Oh, yeah, the folks doing the flinging into the water. Damn, the g-forces alone would be hell on an unsecured person. I'm amazed it wasn't a snapped neck.
Still . . . It'd be the kind of thing you'd think of doing if your doctor said, "You've got six months to live, go, have fun."
Thinking of Chris' piano fling.
Only vaguely on topic, but a very happy television memory that pops in my head at weird times.
When I had mono, the docter told me that I could have been carrying it for a while and only got sick because I was under a lot of stress at the time.
The virus that causes infectious mononucleosis is Epstein-Barr, and by the time you get to your 30s, nearly everyone (in the United States, at least) has been exposed to it at least once and is therefore a carrier.
In young children, active illness resembles any other minor viral illness; it's "self-limiting," meaning it goes away on its own like the common cold.
If a person avoids exposure to EBV as a child and only becomes exposed during adolescence or young adulthood, roughly half will still be asymptomatic and/or very mildly ill, but the other half will get the swollen glands and paralyzing fatigue that everyone thinks of when they hear mono.

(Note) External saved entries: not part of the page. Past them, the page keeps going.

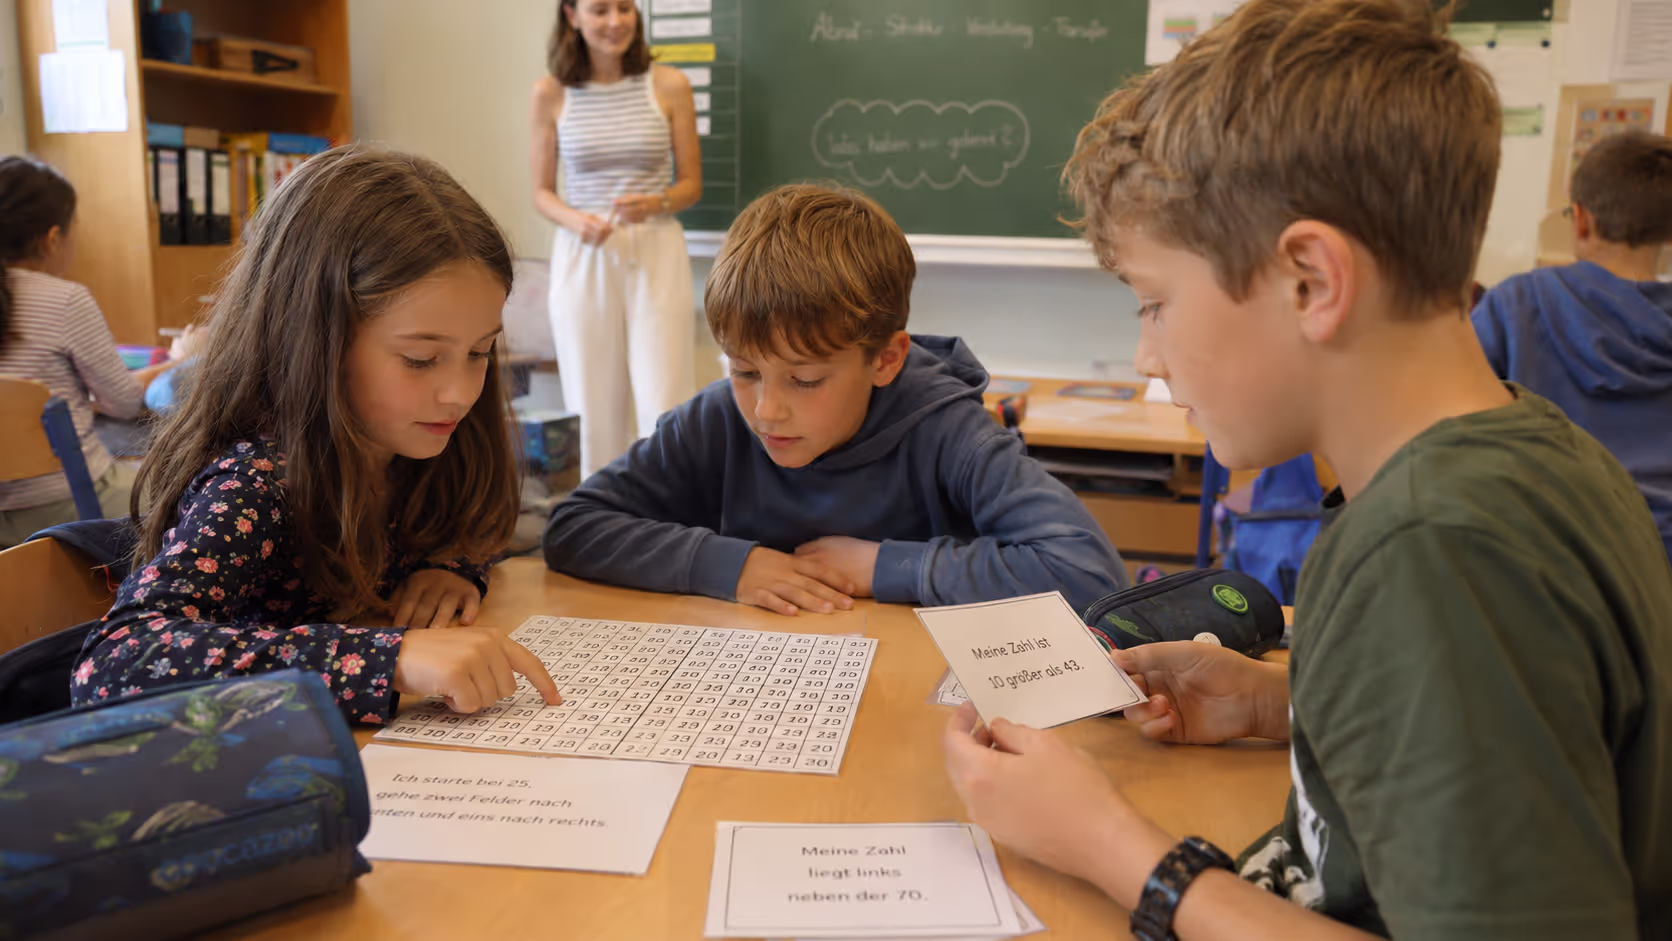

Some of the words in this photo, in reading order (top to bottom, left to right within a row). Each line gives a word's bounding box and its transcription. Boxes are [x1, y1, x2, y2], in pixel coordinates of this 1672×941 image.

[971, 645, 1009, 660] Meine
[1006, 639, 1036, 654] Zahl
[1033, 637, 1052, 649] ist
[988, 675, 1005, 689] 10
[1006, 669, 1044, 689] größer
[1045, 663, 1064, 677] als
[1063, 659, 1085, 672] 43.
[392, 773, 419, 783] Ich
[422, 776, 473, 785] starte
[476, 777, 504, 786] bei
[376, 791, 421, 801] gehe
[423, 793, 467, 802] zwei
[468, 794, 526, 805] Felder
[529, 799, 573, 808] nach
[371, 808, 415, 817] nten
[420, 811, 456, 820] und
[458, 812, 496, 822] eins
[500, 816, 544, 825] nach
[801, 846, 859, 856] Meine
[865, 845, 906, 856] Zahl
[808, 867, 850, 880] liegt
[857, 866, 902, 878] links
[787, 890, 850, 901] neben
[856, 890, 889, 901] der

It's not wildly common to get to adolescence without being exposed to EBV, so most people go through life without ever getting really sick from it.
It'd be the kind of thing you'd think of doing if your doctor said, "You've got six months to live, go, have fun."

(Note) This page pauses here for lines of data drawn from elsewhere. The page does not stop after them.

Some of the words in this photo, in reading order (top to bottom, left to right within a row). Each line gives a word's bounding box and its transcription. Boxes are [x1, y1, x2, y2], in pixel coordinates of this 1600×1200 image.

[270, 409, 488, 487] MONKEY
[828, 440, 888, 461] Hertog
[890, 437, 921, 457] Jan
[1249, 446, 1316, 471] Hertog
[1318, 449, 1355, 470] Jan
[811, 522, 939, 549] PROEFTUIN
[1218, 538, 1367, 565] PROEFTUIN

And don't mind spending the last five in a hospital bed, with something breathing for you.
::shuddering at the thought of BEING flung::
Chris who?
Chris who?
Chris in the Morning on Northern Exposure, who flung a piano.
Chris on Northern Exposure
Chris in the Morning!
swoon
I love Chris in the Morning and wish it was a real radio show. Teri Gross and Fresh Air scratch the itch, though.
Henceforth, today shall be known as The Day of the Trebuchet X-Posts.